Before you claim to be a champion of free thought, tell me: Why did political correctness originate on America's campuses? And why do you continue to tolerate it? If you talk about race, it does not make you a racist. If you see distinctions between the genders, it does not make you a sexist. If you think critically about a denomination, it does not make you anti-religion. If you accept but don't celebrate homosexuality, it does not make you a homophobe. But what can you do? . I learned it 36 years ago, on the steps of the Lincoln Memorial in Washington, DC, standing with Dr. Martin Luther King and two hundred thousand people. You simply ... disobey. Peaceably, yes.
Respectfully, of course.
Nonviolently, absolutely. But when told how to think or what to say or how to behave, we don't. We disobey social protocol that stifles and stigmatizes personal freedom. I learned the awesome power of disobedience from Dr. King ... who learned it from Gandhi, and Thoreau, and Jesus, and every other great man who led those in the right against those with the might.

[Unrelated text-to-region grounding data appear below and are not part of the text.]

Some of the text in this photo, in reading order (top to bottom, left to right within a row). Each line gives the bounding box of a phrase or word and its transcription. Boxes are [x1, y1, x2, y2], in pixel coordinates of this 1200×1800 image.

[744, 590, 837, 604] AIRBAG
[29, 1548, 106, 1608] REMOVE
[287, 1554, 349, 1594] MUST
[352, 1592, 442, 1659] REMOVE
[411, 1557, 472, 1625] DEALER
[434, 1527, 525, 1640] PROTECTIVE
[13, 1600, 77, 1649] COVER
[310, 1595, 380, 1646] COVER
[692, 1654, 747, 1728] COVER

But be careful ... it hurts. Disobedience demands that you put yourself at risk. Dr. King stood on lots of balconies. You must be willing to be humiliated ... to endure the modern-day equivalent of the police dogs at Montgomery and the water cannons at Selma. You must be willing to experience discomfort. I'm not complaining, but my own decades of social activism have taken their toll on me.

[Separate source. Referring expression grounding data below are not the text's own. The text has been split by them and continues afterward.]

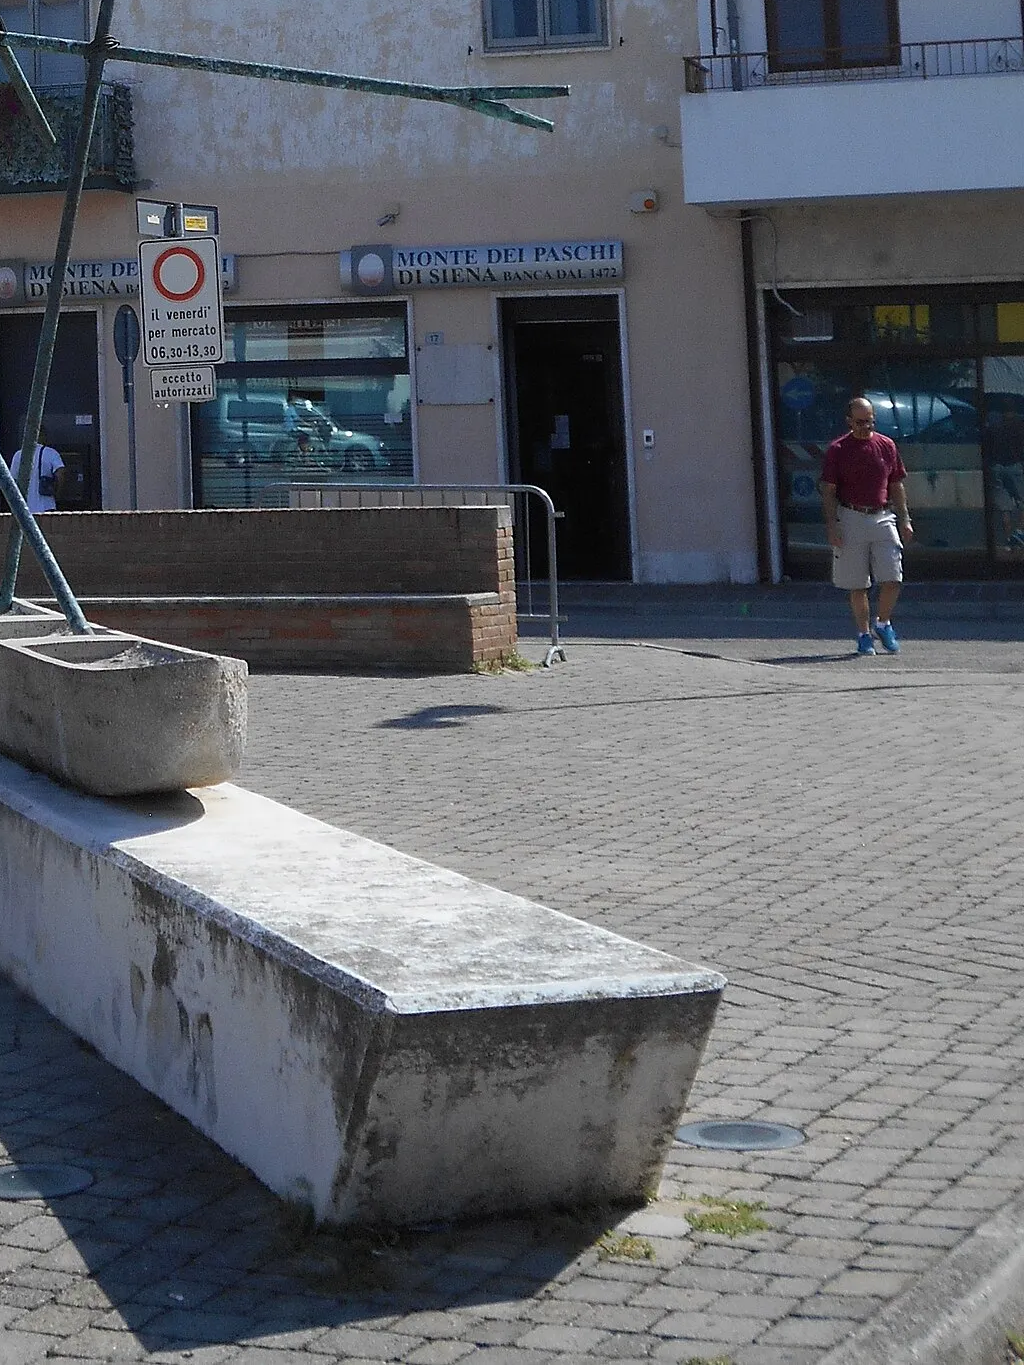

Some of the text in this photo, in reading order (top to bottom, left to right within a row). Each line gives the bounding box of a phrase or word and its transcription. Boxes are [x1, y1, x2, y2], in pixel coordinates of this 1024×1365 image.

[398, 244, 616, 267] MONTE DEI PASCHI
[112, 261, 139, 276] DE
[399, 267, 617, 285] DI SIENA BANCA DAL 1472
[151, 308, 160, 321] il
[148, 324, 217, 341] per mercato
[162, 371, 202, 384] eccetto
[154, 383, 212, 398] autorizzati
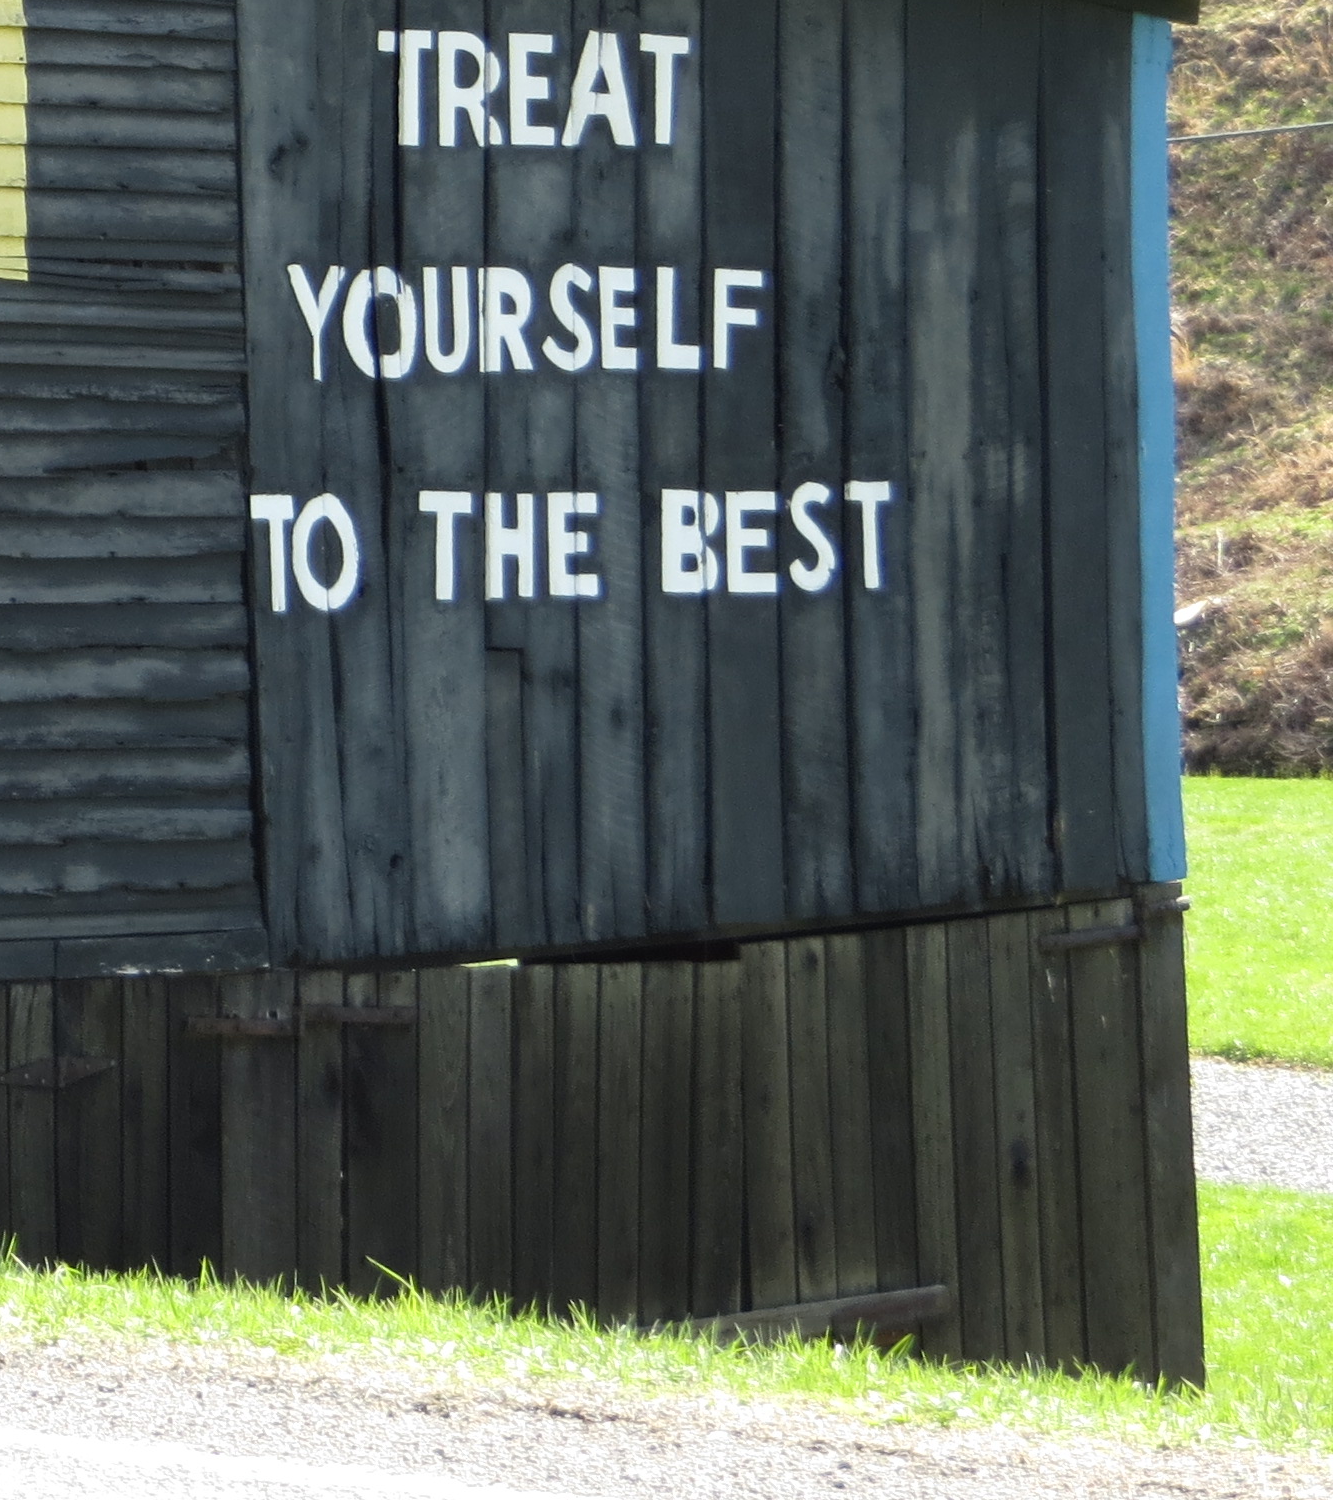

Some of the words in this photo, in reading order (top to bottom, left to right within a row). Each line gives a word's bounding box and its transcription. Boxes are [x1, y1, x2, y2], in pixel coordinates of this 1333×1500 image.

[377, 29, 690, 148] TREAT
[286, 263, 765, 382] YOURSELF
[249, 492, 359, 612] TO
[418, 490, 599, 601] THE
[660, 480, 891, 594] BEST

A few years back I heard about a rapper named Ice-T who was selling a CD called "Cop Killer" celebrating ambushing and murdering police officers. It was being marketed by none other than Time/Warner, the biggest entertainment conglomerate in the world. Police across the country were outraged. Rightfully so-at least one had been murdered. But Time/Warner was stonewalling because the CD was a cash cow for them, and the media were tiptoeing around it because the rapper was black. I heard Time/Warner had a stockholders meeting scheduled in Beverly Hills. I asked for the floor. To a hushed room of a thousand average American stockholders, I simply read the full lyrics of "Cop Killer"- every vicious, vulgar, instructional word. "I GOT MY 12 GAUGE SAWED OFF. I GOT MY HEADLIGHTS TURNED OFF. I'M ABOUT TO BUST SOME SHOTS OFF. I'M ABOUT TO DUST SOME COPS OFF..." It got worse, a lot worse. But trust me, the room was a sea of shocked, frozen, blanched faces. The Time/Warner executives squirmed in their chairs and stared at their shoes. They hated me for that. Let's just say I left the room in echoing silence. When I read the lyrics to the waiting press corps, one of them said "We can't print that." "I know," I replied, "but Time/Warner's selling it." Two months later, Time/Warner terminated Ice-T's contract.